WHAT IS NEEDED: Reproduce every line of the listing as written, apart from the pictures.

INFORMATION PROVIDED:
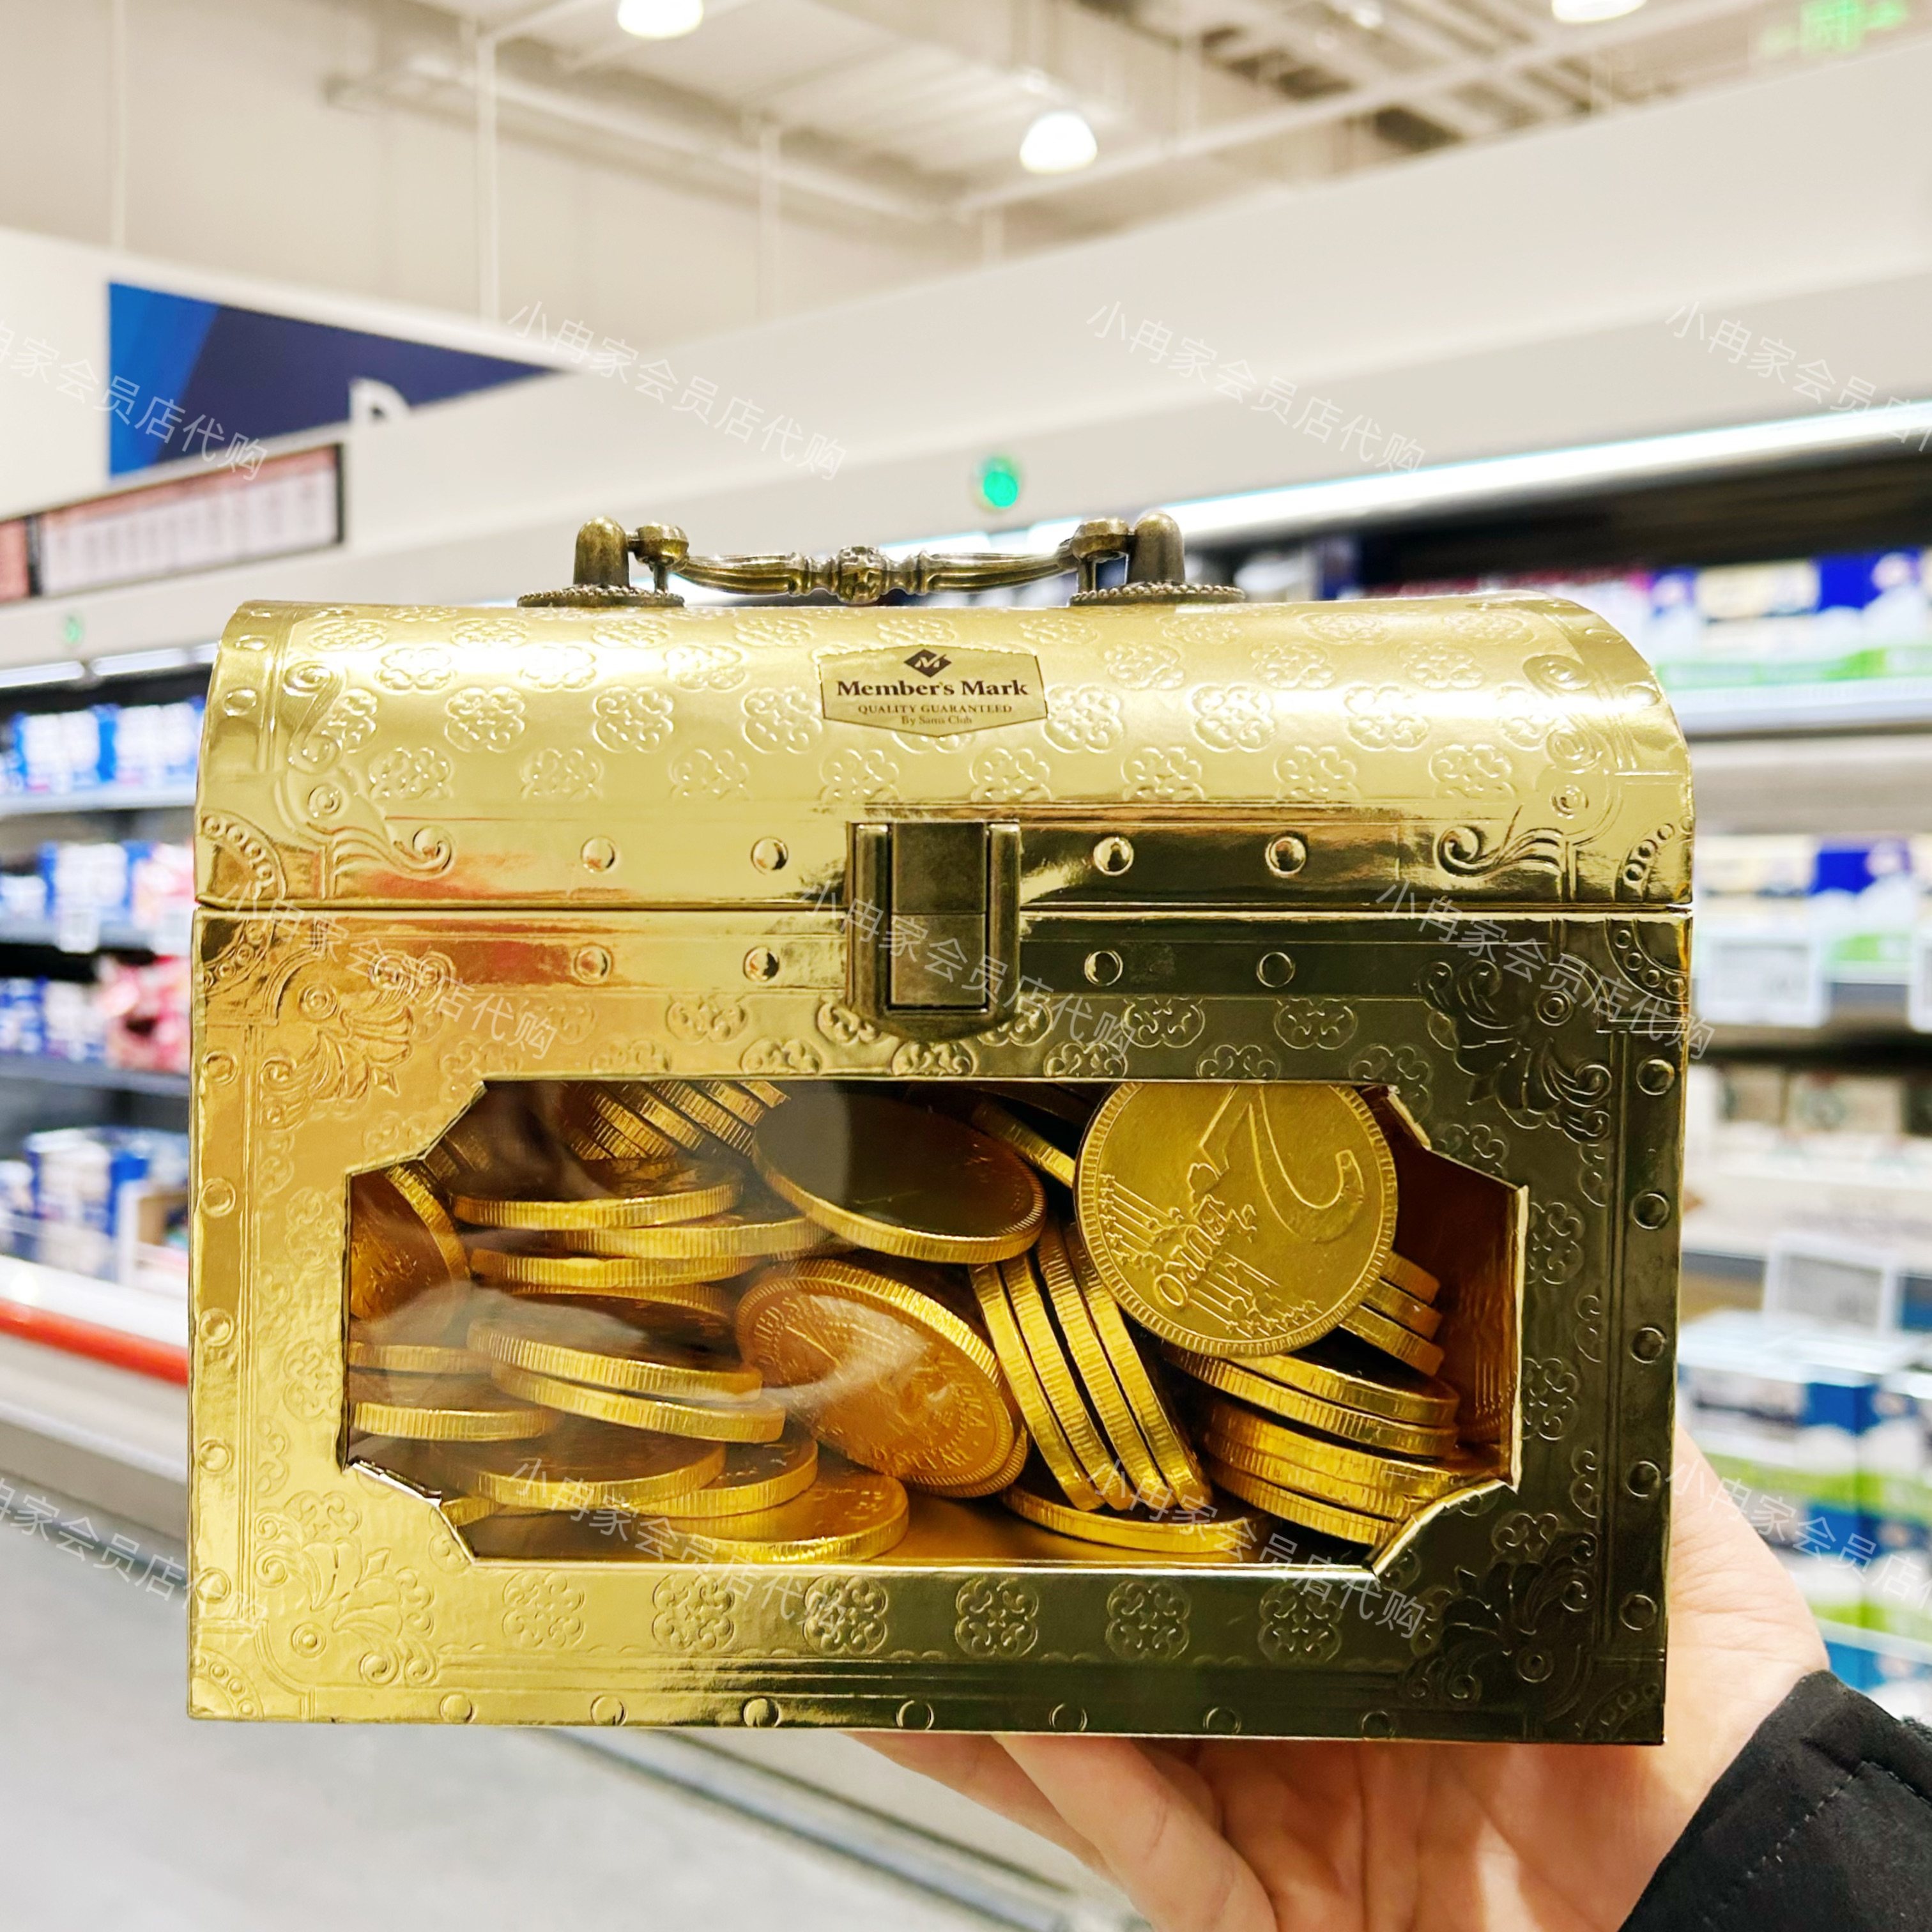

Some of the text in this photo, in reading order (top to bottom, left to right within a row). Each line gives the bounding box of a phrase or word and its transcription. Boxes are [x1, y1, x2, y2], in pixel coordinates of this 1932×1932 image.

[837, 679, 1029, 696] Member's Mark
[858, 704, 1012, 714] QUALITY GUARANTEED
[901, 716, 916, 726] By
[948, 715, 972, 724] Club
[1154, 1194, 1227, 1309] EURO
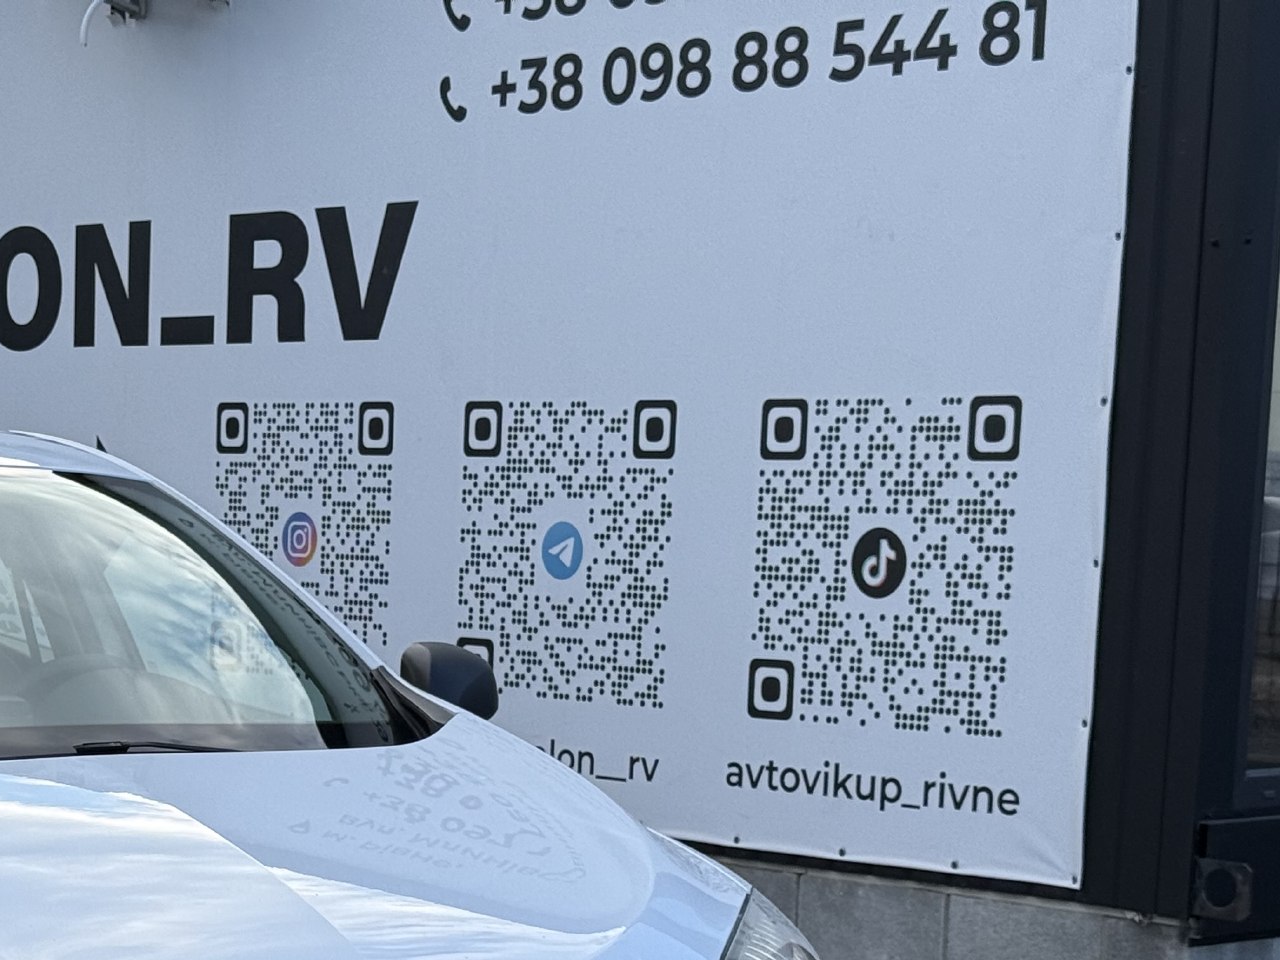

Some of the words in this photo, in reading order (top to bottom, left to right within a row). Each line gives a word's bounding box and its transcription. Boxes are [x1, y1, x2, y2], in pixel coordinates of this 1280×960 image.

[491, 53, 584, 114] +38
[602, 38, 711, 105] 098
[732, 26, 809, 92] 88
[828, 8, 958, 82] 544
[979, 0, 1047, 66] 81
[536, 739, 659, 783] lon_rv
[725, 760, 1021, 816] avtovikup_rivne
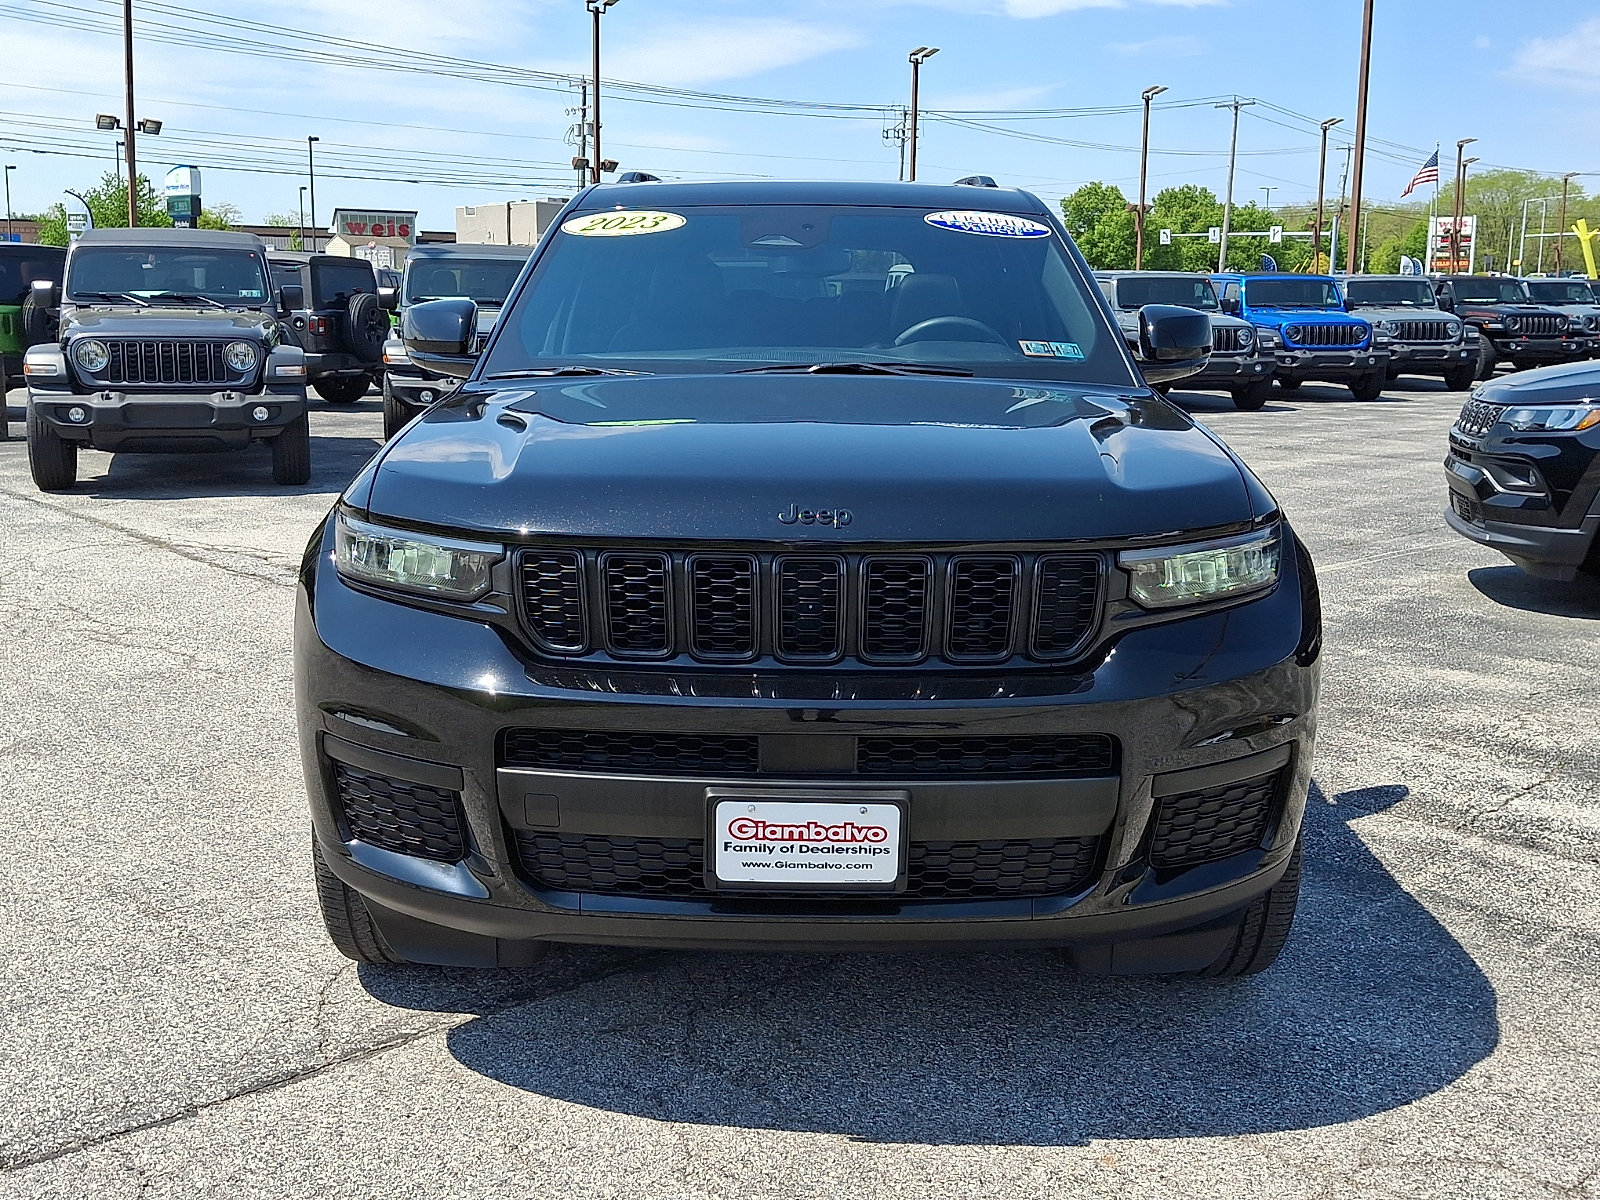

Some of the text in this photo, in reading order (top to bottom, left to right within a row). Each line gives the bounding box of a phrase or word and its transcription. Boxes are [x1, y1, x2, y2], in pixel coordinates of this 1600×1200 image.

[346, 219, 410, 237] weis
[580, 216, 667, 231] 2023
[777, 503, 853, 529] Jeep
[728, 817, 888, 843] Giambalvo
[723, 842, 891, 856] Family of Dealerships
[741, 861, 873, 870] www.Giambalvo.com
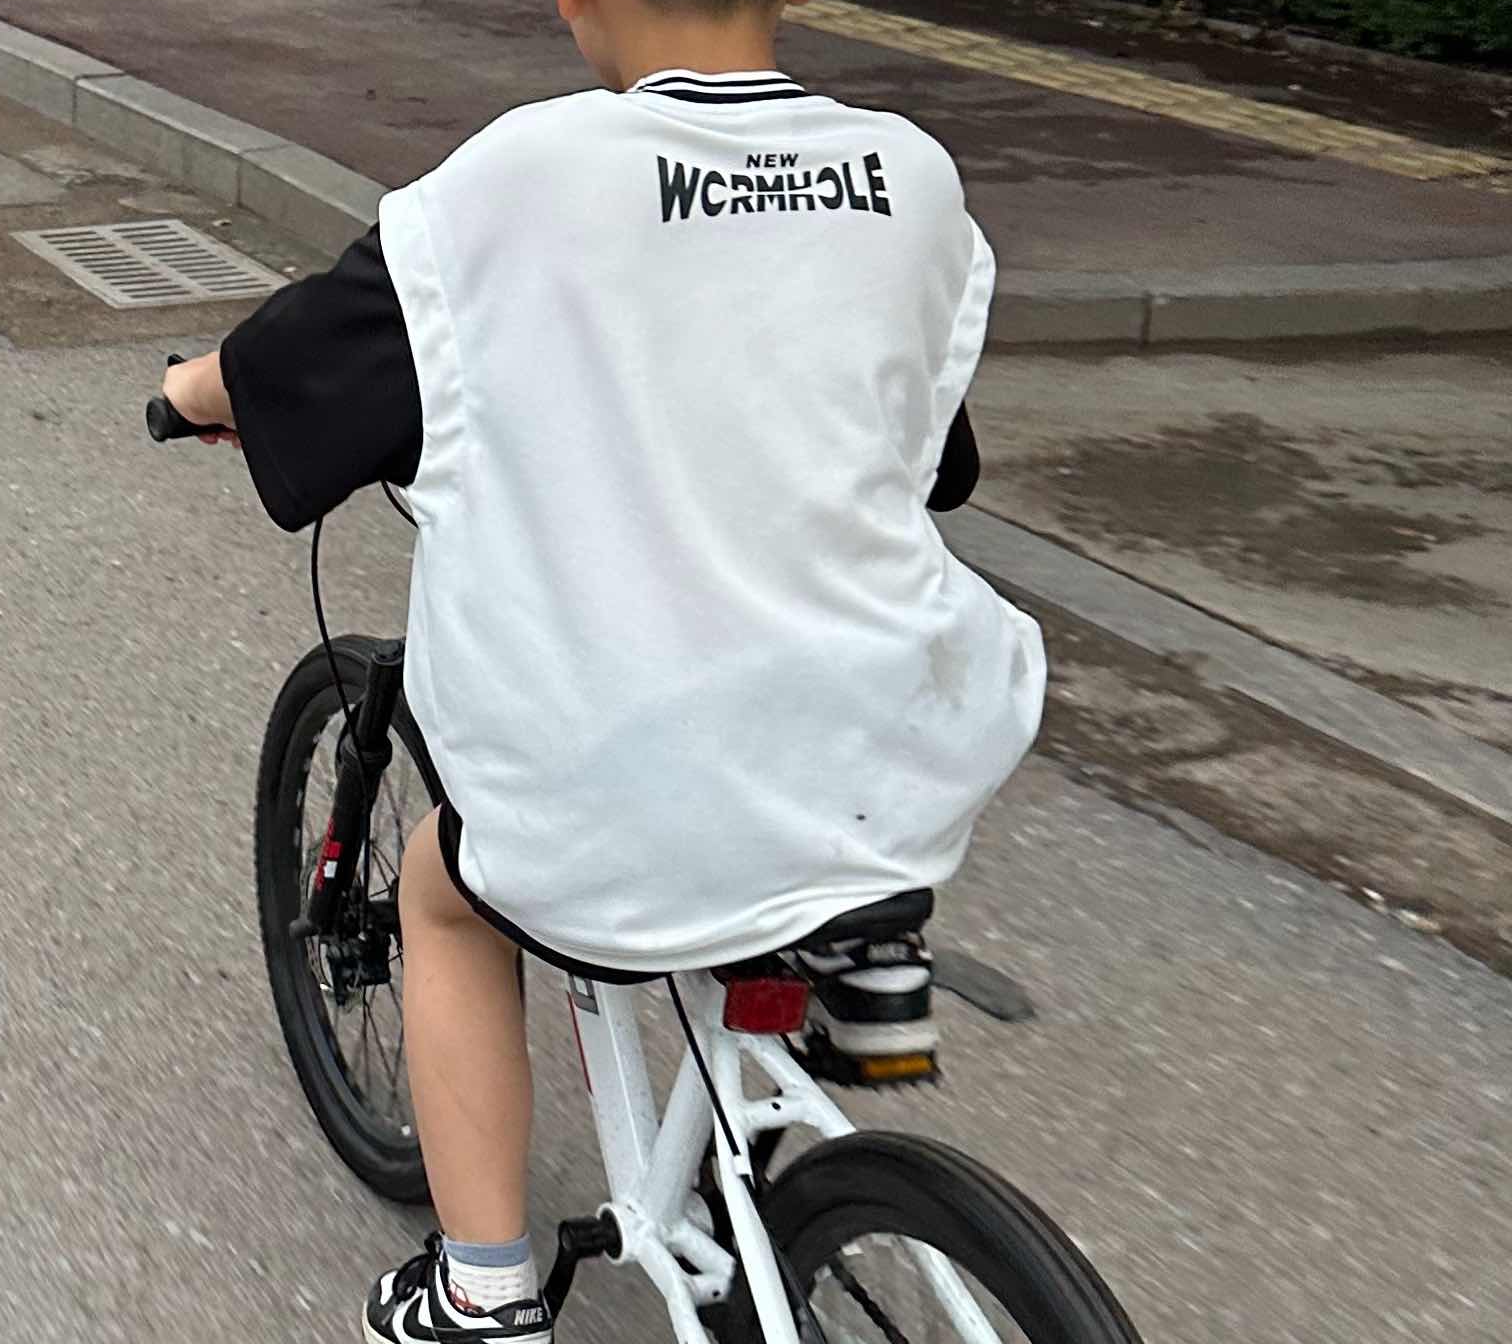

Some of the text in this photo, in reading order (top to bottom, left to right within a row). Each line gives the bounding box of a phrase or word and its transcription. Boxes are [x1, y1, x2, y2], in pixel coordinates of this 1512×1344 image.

WRITTEN ANSWER:
Some of the text in this photo, in reading order (top to bottom, left to right within a row). Each line gives the bounding box of a phrase or word and its transcription. Boxes are [x1, y1, x2, y2], in pixel coordinates of this 1932×1932 image.

[837, 679, 1029, 696] Member's Mark
[858, 704, 1012, 714] QUALITY GUARANTEED
[901, 716, 916, 726] By
[948, 715, 972, 724] Club
[1154, 1194, 1227, 1309] EURO

Some of the words in this photo, in reading order (top to bottom, left to right within a row). Each line gives a word's bounding box and its transcription. Boxes are [x1, y1, x2, y2], in pixel coordinates of this 1280×960 image.

[491, 53, 584, 114] +38
[602, 38, 711, 105] 098
[732, 26, 809, 92] 88
[828, 8, 958, 82] 544
[979, 0, 1047, 66] 81
[536, 739, 659, 783] lon_rv
[725, 760, 1021, 816] avtovikup_rivne

Some of the text in this photo, in reading order (top to bottom, left to right within a row). Each line gives the bounding box of a phrase or word and its transcription. Boxes are [x1, y1, x2, y2], in pixel coordinates of this 1600×1200 image.

[346, 219, 410, 237] weis
[580, 216, 667, 231] 2023
[777, 503, 853, 529] Jeep
[728, 817, 888, 843] Giambalvo
[723, 842, 891, 856] Family of Dealerships
[741, 861, 873, 870] www.Giambalvo.com

Some of the text in this photo, in reading order (top to bottom, left to right within a row). Each line gives the bounding box of a phrase or word and its transcription. Boxes are [x1, y1, x2, y2], in pixel coordinates of this 1512×1344 image.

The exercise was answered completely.